Falken is parked in St. John’s, Newfoundland, along the bulkhead of the enormous fishing and commercial harbor, tucked as far into the southwest corner as you can get. It’s an industrial place—black, gravelly street grit covers the deck, with no dockside water to wash it off. A couple boat lengths away, a large container loading terminal is bustling with cranes and ships and trucks zooming around at all hours of the day and night. A French steel boat is rafted next to us; in front, a big Oyster is tied onto the wall, two smaller boats rafted onto it. And forward of them is a very large sailing yacht, I’d say 90 to 120 feet, with (conspicuously) nobody rafted to it (that’s another story altogether—suffice it to say, if you ever enter a port like this with no marina, expect to be rafted onto, and be gracious, even welcoming, about it. It’s part of the etiquette in far-flung places like this).

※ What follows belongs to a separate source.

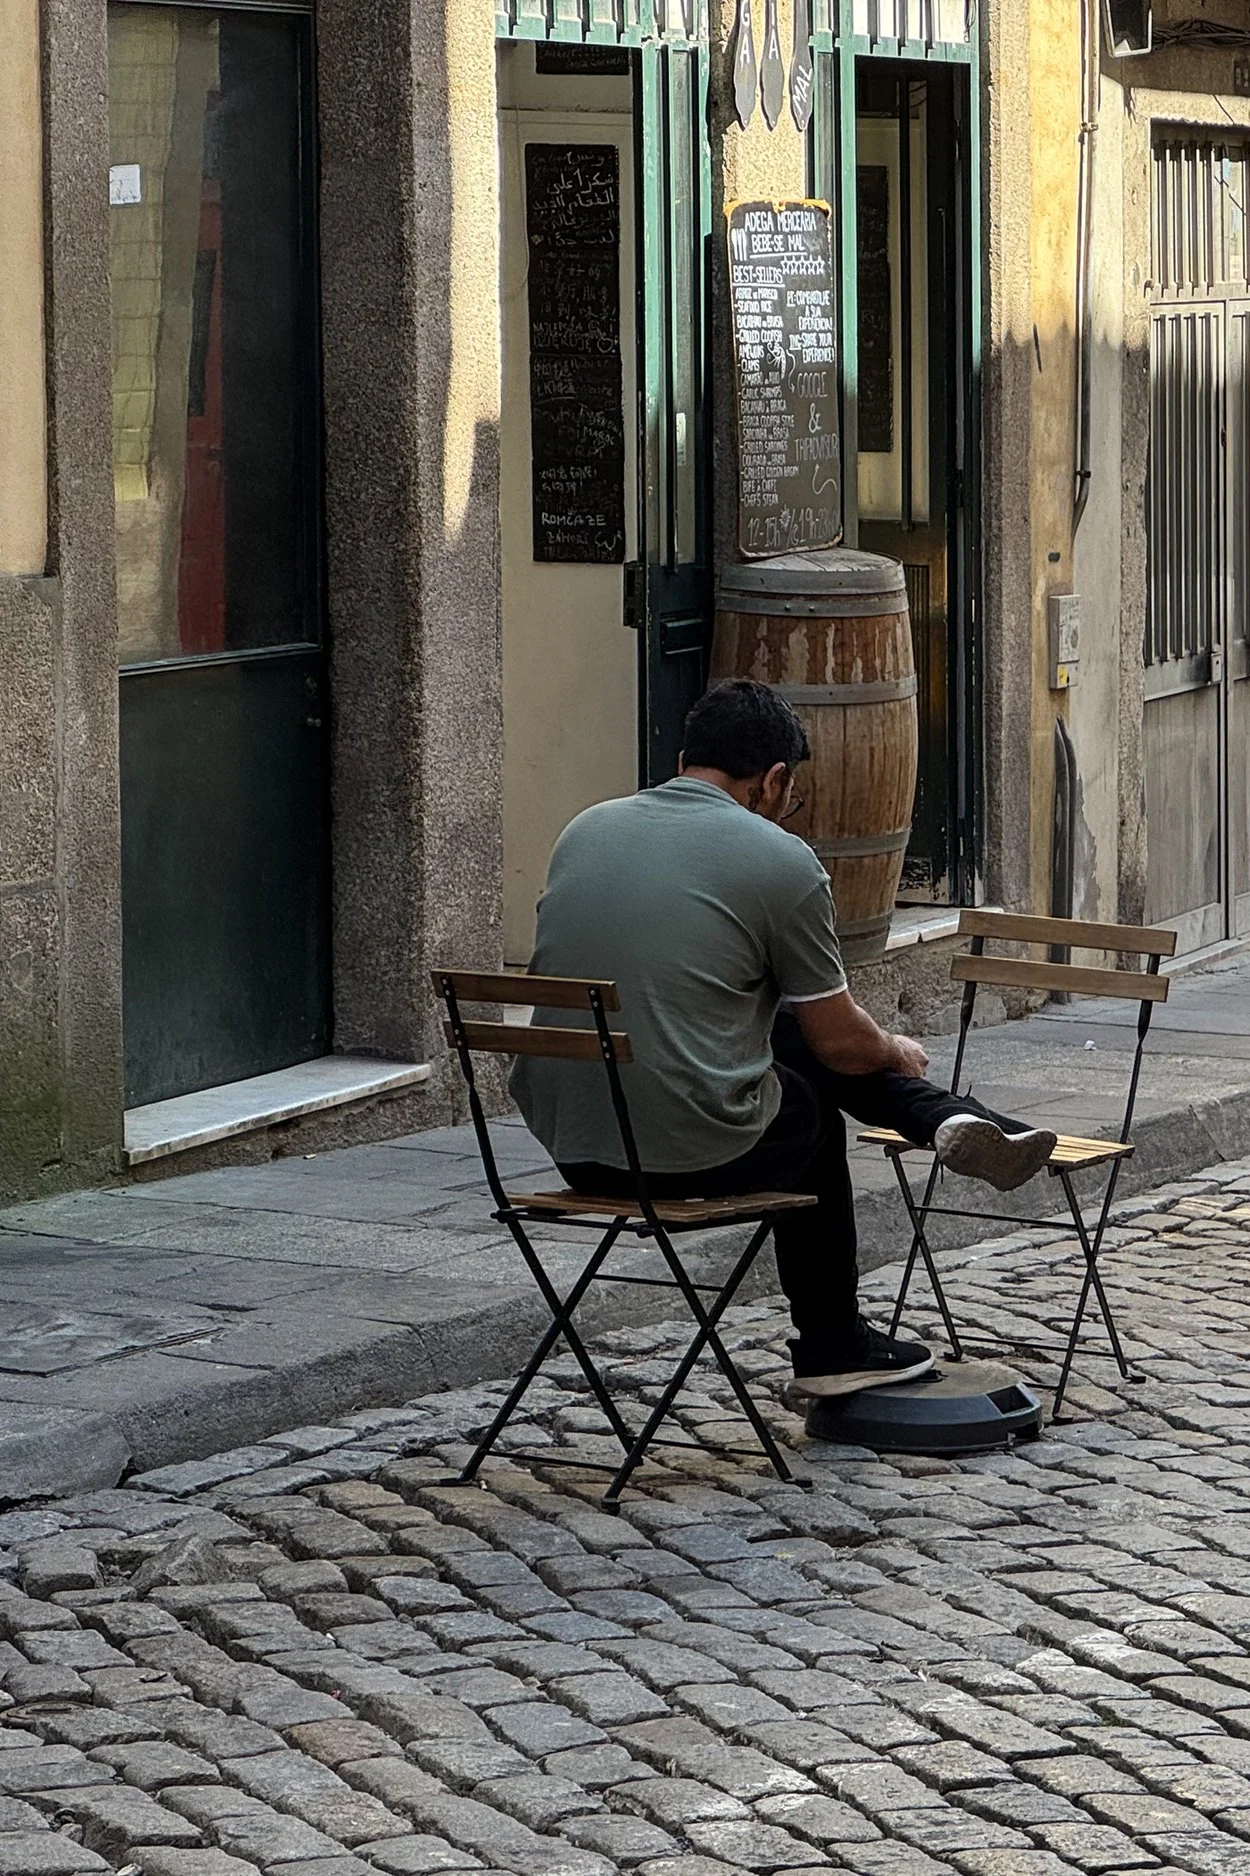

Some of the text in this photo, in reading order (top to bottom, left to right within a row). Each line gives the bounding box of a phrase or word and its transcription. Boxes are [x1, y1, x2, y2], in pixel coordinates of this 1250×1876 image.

Departing to the icy north from a resort-style marina just wouldn’t feel right. We’re on the edge of adventure here, and even the preparation feels adventurous. We’ll have to motor across the sprawling harbor tomorrow morning and tie up at the fish plant to fill our freshwater tanks and wash the grit off the deck. Just this morning a big tanker truck delivered our diesel fuel at the dock.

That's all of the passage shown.